**What the task requires:** Restate the following data in its entirety, word for word and without images.

**Data for analysis:**
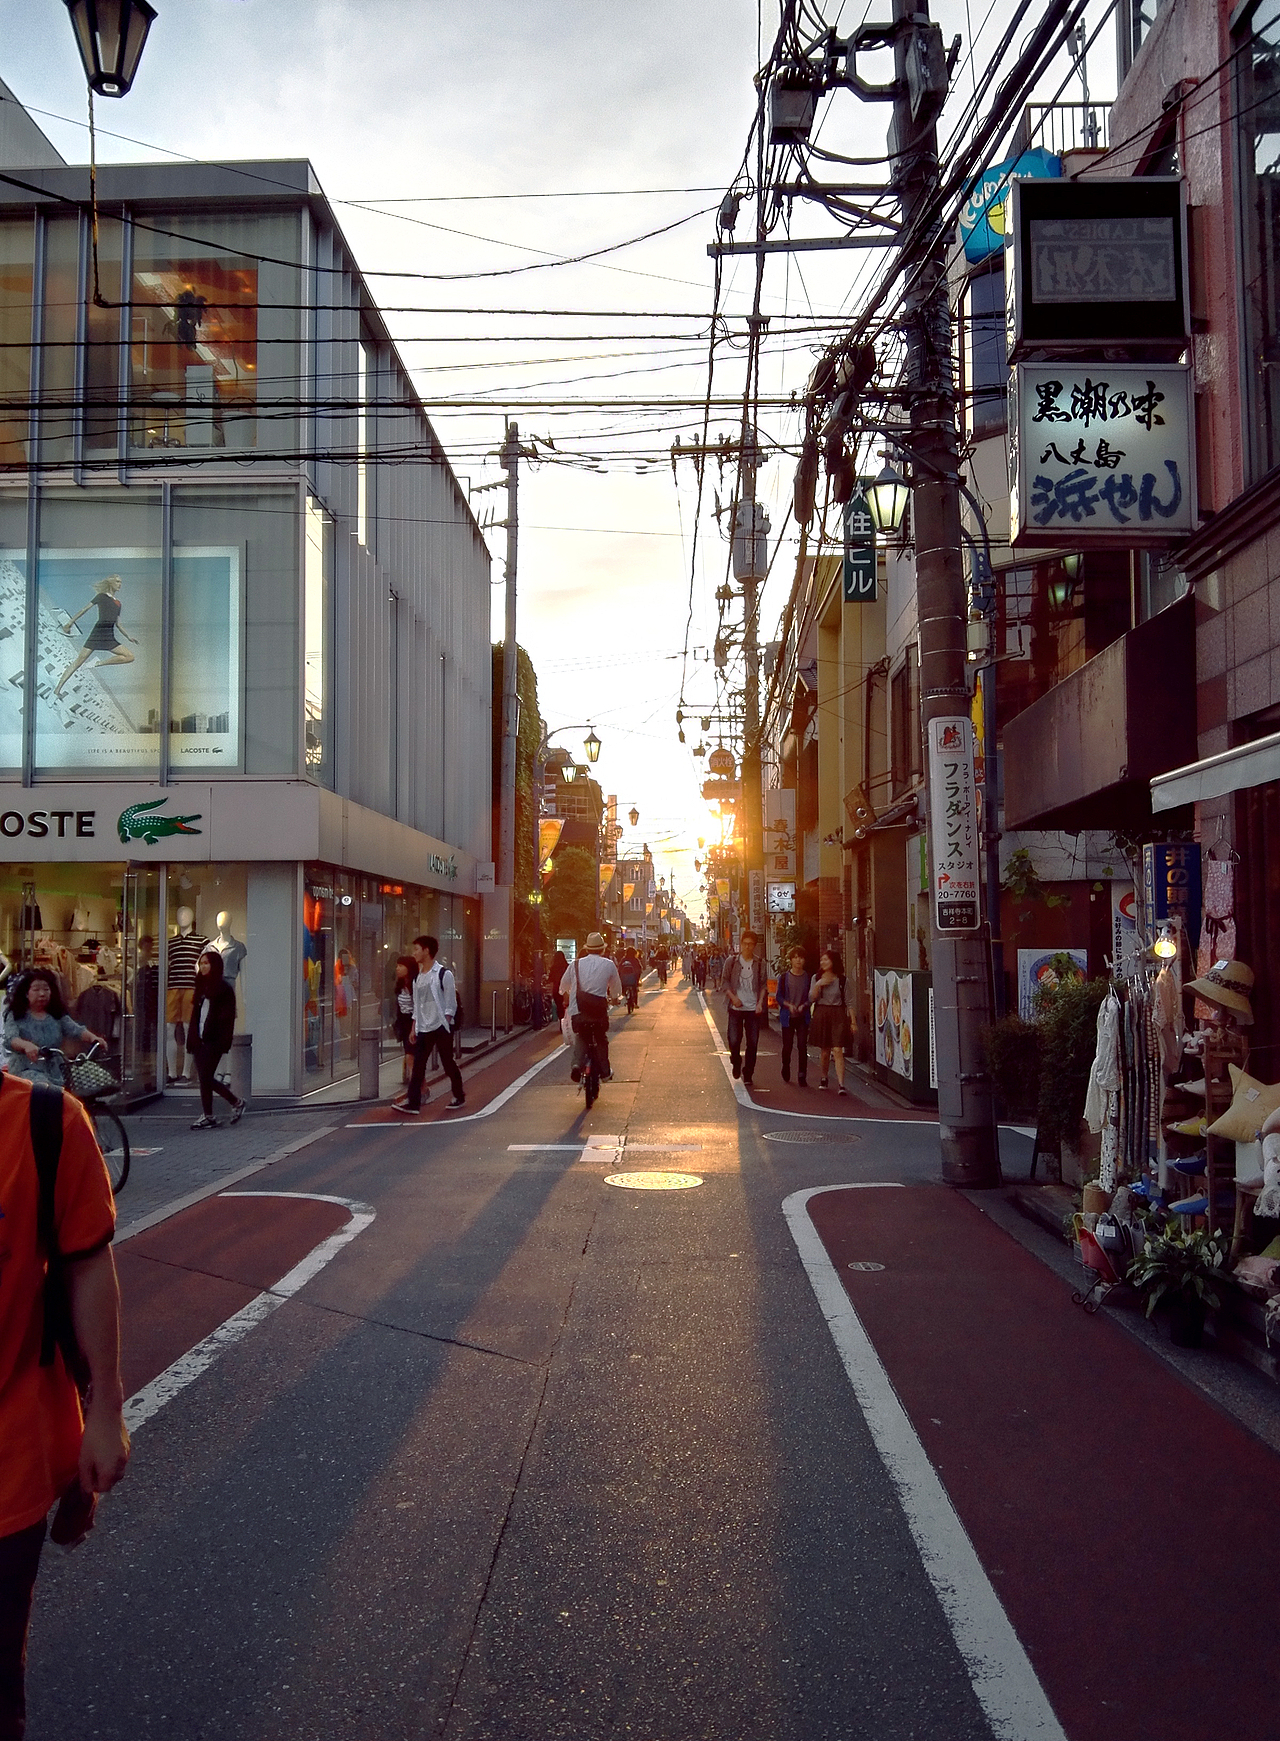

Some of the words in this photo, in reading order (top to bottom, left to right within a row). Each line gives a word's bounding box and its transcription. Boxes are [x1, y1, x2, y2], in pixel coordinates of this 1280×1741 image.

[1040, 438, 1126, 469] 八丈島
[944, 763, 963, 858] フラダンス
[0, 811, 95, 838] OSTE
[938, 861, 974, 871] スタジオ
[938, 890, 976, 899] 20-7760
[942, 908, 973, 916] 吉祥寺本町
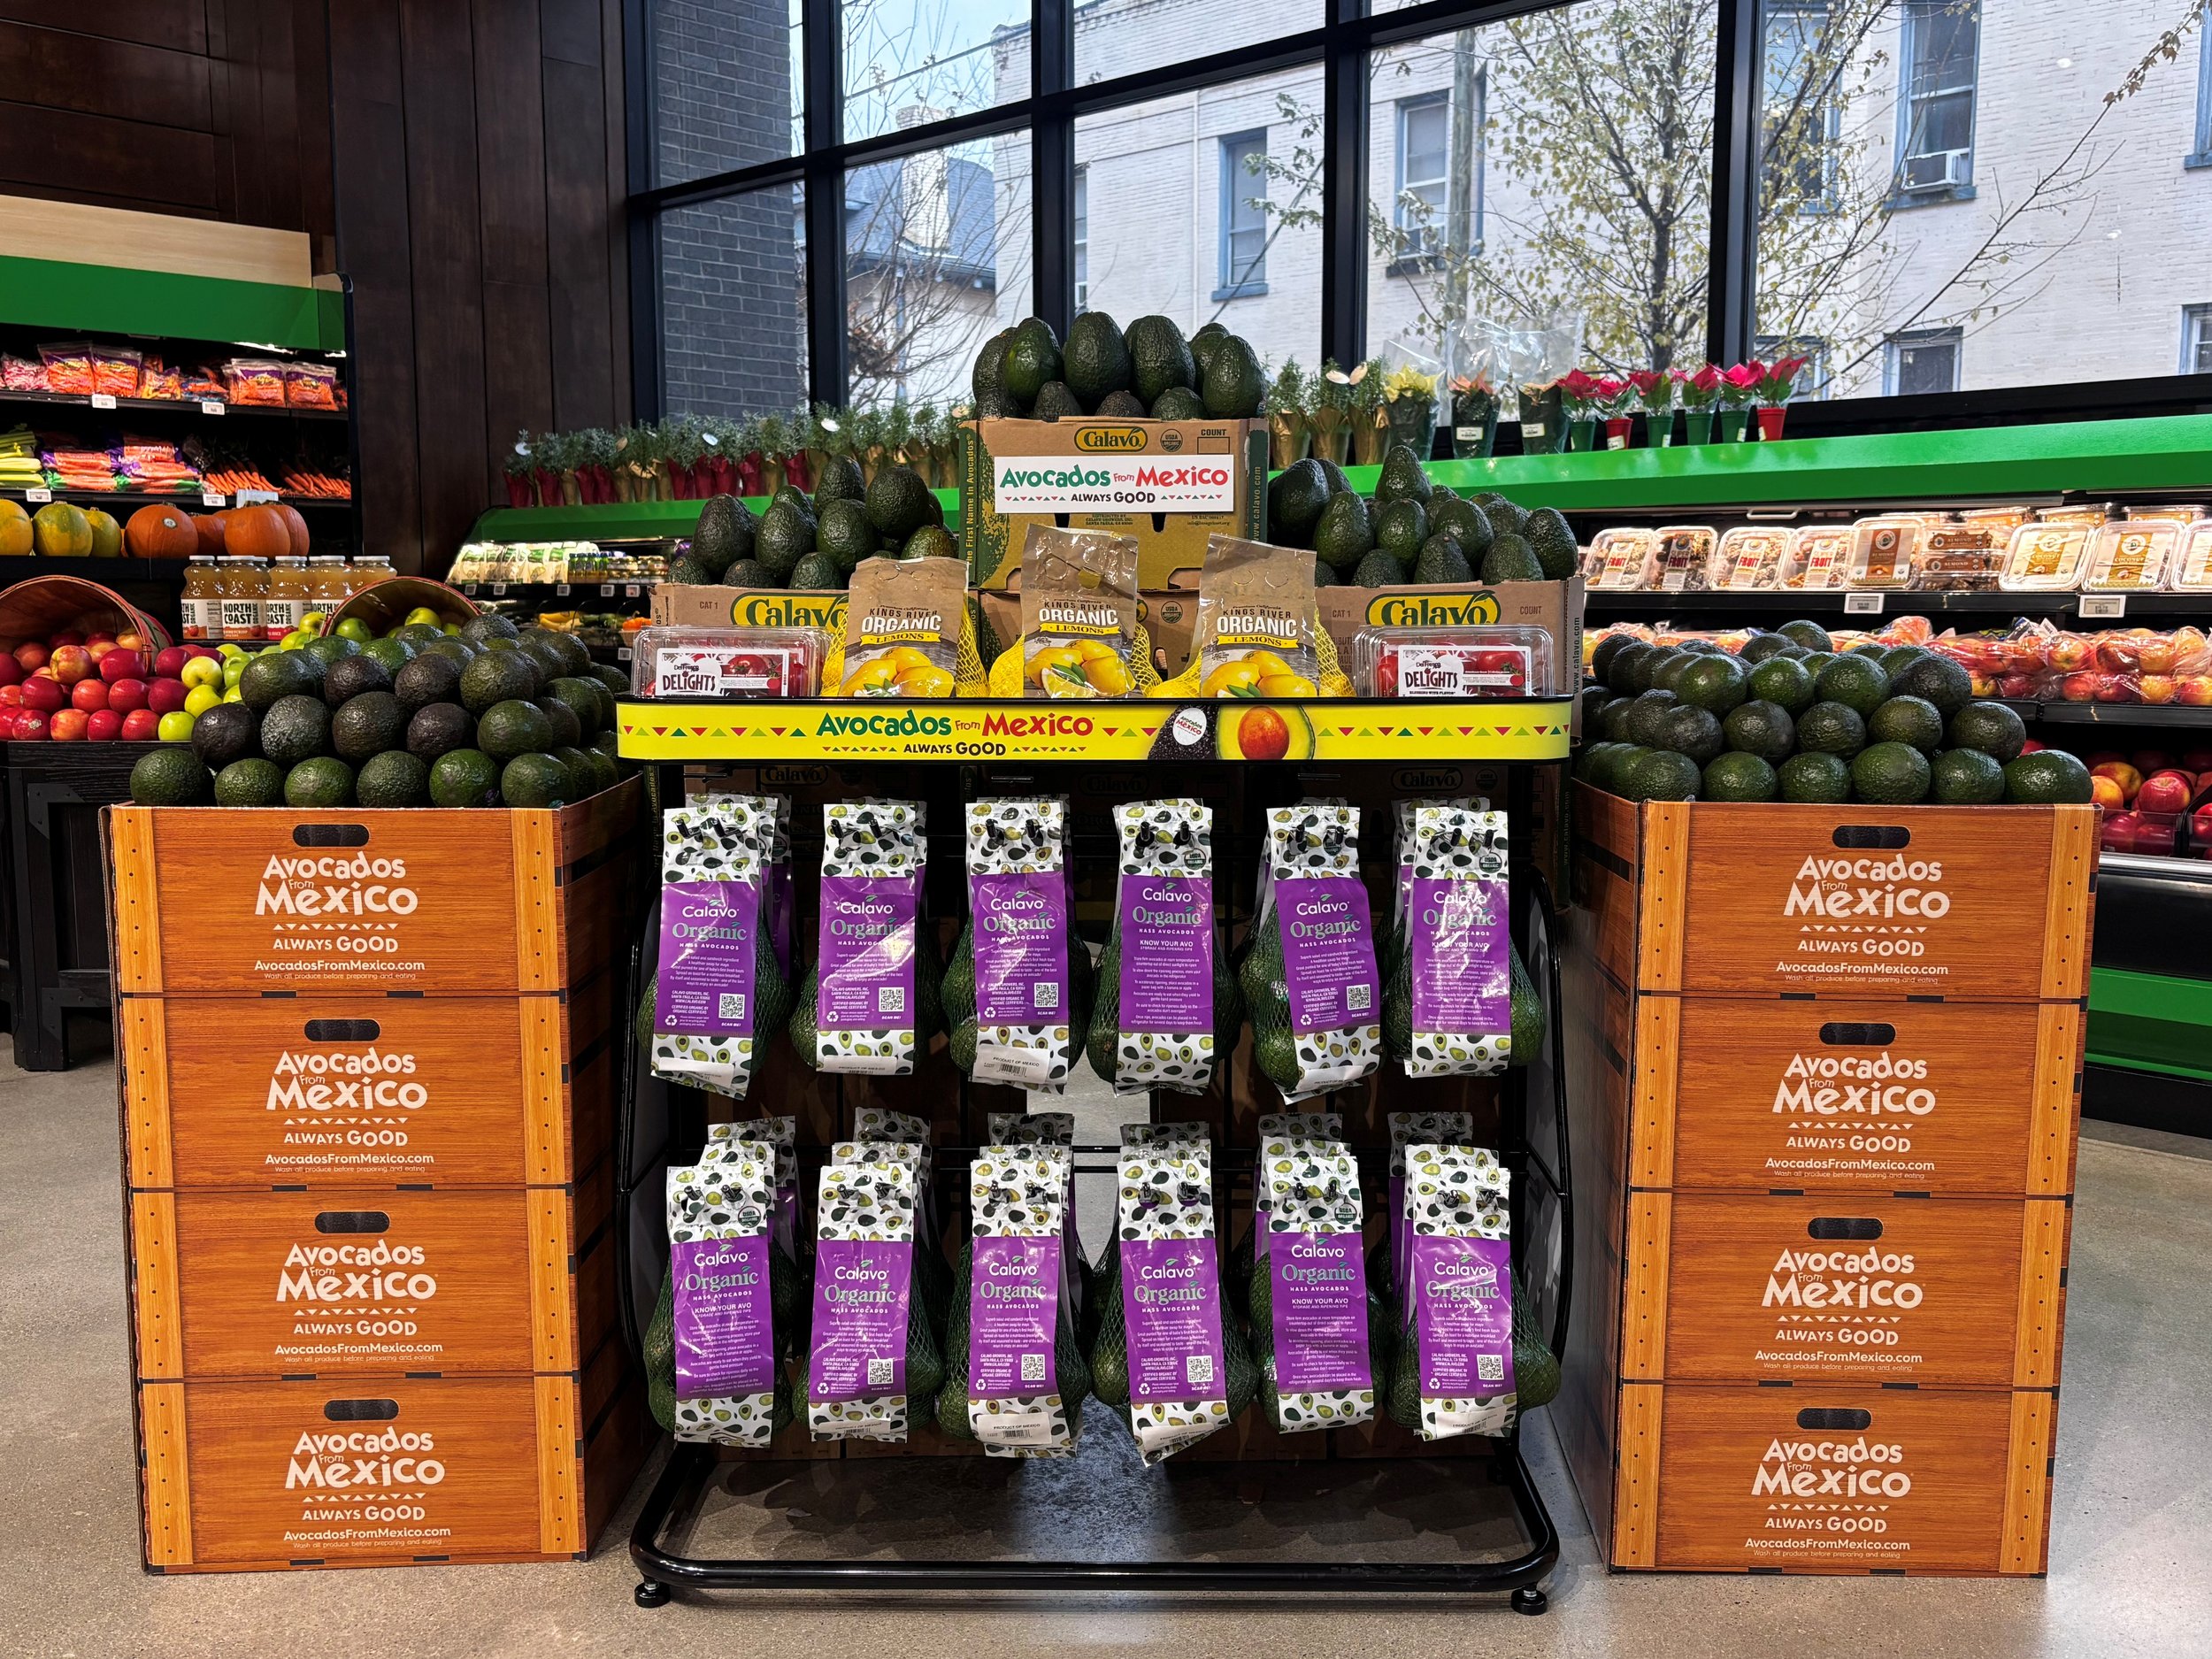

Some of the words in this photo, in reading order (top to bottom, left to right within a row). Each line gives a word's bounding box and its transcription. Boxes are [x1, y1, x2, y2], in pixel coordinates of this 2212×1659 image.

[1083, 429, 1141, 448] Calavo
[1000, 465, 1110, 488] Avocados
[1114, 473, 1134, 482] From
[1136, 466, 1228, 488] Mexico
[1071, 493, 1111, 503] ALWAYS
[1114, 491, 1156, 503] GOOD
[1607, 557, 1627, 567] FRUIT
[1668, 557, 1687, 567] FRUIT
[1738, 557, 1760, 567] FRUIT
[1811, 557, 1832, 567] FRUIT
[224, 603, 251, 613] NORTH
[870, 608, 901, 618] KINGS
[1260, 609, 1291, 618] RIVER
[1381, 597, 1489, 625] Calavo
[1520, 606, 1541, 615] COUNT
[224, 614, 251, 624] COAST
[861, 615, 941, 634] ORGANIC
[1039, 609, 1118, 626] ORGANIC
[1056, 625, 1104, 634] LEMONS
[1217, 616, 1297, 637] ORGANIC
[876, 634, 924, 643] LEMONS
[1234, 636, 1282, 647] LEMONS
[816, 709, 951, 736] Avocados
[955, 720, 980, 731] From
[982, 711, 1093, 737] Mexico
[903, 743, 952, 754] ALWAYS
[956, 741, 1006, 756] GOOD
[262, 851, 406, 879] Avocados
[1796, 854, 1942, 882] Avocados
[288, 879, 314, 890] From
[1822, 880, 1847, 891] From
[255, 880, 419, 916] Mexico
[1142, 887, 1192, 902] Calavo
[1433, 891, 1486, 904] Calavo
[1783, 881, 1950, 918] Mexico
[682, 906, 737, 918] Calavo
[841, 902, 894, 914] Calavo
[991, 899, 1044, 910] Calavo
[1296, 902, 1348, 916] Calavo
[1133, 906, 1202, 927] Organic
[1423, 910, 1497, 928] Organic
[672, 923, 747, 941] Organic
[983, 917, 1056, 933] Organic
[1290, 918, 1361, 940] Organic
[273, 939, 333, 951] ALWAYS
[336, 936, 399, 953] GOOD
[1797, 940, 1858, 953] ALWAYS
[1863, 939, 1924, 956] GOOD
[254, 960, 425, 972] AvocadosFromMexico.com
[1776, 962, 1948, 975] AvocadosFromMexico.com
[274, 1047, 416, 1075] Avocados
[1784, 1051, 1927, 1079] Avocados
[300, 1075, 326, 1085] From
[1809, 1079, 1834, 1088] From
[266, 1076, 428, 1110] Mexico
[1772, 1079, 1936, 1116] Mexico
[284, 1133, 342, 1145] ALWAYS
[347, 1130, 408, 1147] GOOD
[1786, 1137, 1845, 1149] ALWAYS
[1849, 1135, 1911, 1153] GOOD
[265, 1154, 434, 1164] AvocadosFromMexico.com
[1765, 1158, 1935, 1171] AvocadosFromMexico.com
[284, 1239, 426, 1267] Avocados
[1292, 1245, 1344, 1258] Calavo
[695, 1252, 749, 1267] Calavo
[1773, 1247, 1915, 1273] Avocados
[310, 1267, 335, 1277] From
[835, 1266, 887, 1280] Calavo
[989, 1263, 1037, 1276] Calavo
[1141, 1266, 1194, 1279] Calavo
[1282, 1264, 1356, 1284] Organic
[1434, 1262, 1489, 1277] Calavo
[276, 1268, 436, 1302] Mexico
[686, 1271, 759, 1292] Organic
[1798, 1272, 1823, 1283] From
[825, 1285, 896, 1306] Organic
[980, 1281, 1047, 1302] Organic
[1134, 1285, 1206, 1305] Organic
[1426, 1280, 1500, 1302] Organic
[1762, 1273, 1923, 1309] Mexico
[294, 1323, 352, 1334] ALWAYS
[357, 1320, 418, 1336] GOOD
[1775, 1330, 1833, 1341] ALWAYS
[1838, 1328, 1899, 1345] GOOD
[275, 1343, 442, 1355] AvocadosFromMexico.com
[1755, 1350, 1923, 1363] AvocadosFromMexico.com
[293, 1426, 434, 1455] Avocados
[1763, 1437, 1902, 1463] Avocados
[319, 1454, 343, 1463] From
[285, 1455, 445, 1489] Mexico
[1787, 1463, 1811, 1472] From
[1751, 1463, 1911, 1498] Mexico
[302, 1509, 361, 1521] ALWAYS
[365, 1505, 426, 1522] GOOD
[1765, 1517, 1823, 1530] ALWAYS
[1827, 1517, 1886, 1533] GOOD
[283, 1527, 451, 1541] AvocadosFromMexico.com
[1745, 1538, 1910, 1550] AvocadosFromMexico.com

**Output of the exercise:**
Some of the words in this photo, in reading order (top to bottom, left to right within a row). Each line gives a word's bounding box and its transcription. Boxes are [x1, y1, x2, y2], in pixel coordinates of this 1280×1741 image.

[1040, 438, 1126, 469] 八丈島
[944, 763, 963, 858] フラダンス
[0, 811, 95, 838] OSTE
[938, 861, 974, 871] スタジオ
[938, 890, 976, 899] 20-7760
[942, 908, 973, 916] 吉祥寺本町

Some of the words in this photo, in reading order (top to bottom, left to right within a row). Each line gives a word's bounding box and its transcription. Boxes are [x1, y1, x2, y2], in pixel coordinates of this 2212×1659 image.

[1083, 429, 1141, 448] Calavo
[1000, 465, 1110, 488] Avocados
[1114, 473, 1134, 482] From
[1136, 466, 1228, 488] Mexico
[1071, 493, 1111, 503] ALWAYS
[1114, 491, 1156, 503] GOOD
[1607, 557, 1627, 567] FRUIT
[1668, 557, 1687, 567] FRUIT
[1738, 557, 1760, 567] FRUIT
[1811, 557, 1832, 567] FRUIT
[224, 603, 251, 613] NORTH
[870, 608, 901, 618] KINGS
[1260, 609, 1291, 618] RIVER
[1381, 597, 1489, 625] Calavo
[1520, 606, 1541, 615] COUNT
[224, 614, 251, 624] COAST
[861, 615, 941, 634] ORGANIC
[1039, 609, 1118, 626] ORGANIC
[1056, 625, 1104, 634] LEMONS
[1217, 616, 1297, 637] ORGANIC
[876, 634, 924, 643] LEMONS
[1234, 636, 1282, 647] LEMONS
[816, 709, 951, 736] Avocados
[955, 720, 980, 731] From
[982, 711, 1093, 737] Mexico
[903, 743, 952, 754] ALWAYS
[956, 741, 1006, 756] GOOD
[262, 851, 406, 879] Avocados
[1796, 854, 1942, 882] Avocados
[288, 879, 314, 890] From
[1822, 880, 1847, 891] From
[255, 880, 419, 916] Mexico
[1142, 887, 1192, 902] Calavo
[1433, 891, 1486, 904] Calavo
[1783, 881, 1950, 918] Mexico
[682, 906, 737, 918] Calavo
[841, 902, 894, 914] Calavo
[991, 899, 1044, 910] Calavo
[1296, 902, 1348, 916] Calavo
[1133, 906, 1202, 927] Organic
[1423, 910, 1497, 928] Organic
[672, 923, 747, 941] Organic
[983, 917, 1056, 933] Organic
[1290, 918, 1361, 940] Organic
[273, 939, 333, 951] ALWAYS
[336, 936, 399, 953] GOOD
[1797, 940, 1858, 953] ALWAYS
[1863, 939, 1924, 956] GOOD
[254, 960, 425, 972] AvocadosFromMexico.com
[1776, 962, 1948, 975] AvocadosFromMexico.com
[274, 1047, 416, 1075] Avocados
[1784, 1051, 1927, 1079] Avocados
[300, 1075, 326, 1085] From
[1809, 1079, 1834, 1088] From
[266, 1076, 428, 1110] Mexico
[1772, 1079, 1936, 1116] Mexico
[284, 1133, 342, 1145] ALWAYS
[347, 1130, 408, 1147] GOOD
[1786, 1137, 1845, 1149] ALWAYS
[1849, 1135, 1911, 1153] GOOD
[265, 1154, 434, 1164] AvocadosFromMexico.com
[1765, 1158, 1935, 1171] AvocadosFromMexico.com
[284, 1239, 426, 1267] Avocados
[1292, 1245, 1344, 1258] Calavo
[695, 1252, 749, 1267] Calavo
[1773, 1247, 1915, 1273] Avocados
[310, 1267, 335, 1277] From
[835, 1266, 887, 1280] Calavo
[989, 1263, 1037, 1276] Calavo
[1141, 1266, 1194, 1279] Calavo
[1282, 1264, 1356, 1284] Organic
[1434, 1262, 1489, 1277] Calavo
[276, 1268, 436, 1302] Mexico
[686, 1271, 759, 1292] Organic
[1798, 1272, 1823, 1283] From
[825, 1285, 896, 1306] Organic
[980, 1281, 1047, 1302] Organic
[1134, 1285, 1206, 1305] Organic
[1426, 1280, 1500, 1302] Organic
[1762, 1273, 1923, 1309] Mexico
[294, 1323, 352, 1334] ALWAYS
[357, 1320, 418, 1336] GOOD
[1775, 1330, 1833, 1341] ALWAYS
[1838, 1328, 1899, 1345] GOOD
[275, 1343, 442, 1355] AvocadosFromMexico.com
[1755, 1350, 1923, 1363] AvocadosFromMexico.com
[293, 1426, 434, 1455] Avocados
[1763, 1437, 1902, 1463] Avocados
[319, 1454, 343, 1463] From
[285, 1455, 445, 1489] Mexico
[1787, 1463, 1811, 1472] From
[1751, 1463, 1911, 1498] Mexico
[302, 1509, 361, 1521] ALWAYS
[365, 1505, 426, 1522] GOOD
[1765, 1517, 1823, 1530] ALWAYS
[1827, 1517, 1886, 1533] GOOD
[283, 1527, 451, 1541] AvocadosFromMexico.com
[1745, 1538, 1910, 1550] AvocadosFromMexico.com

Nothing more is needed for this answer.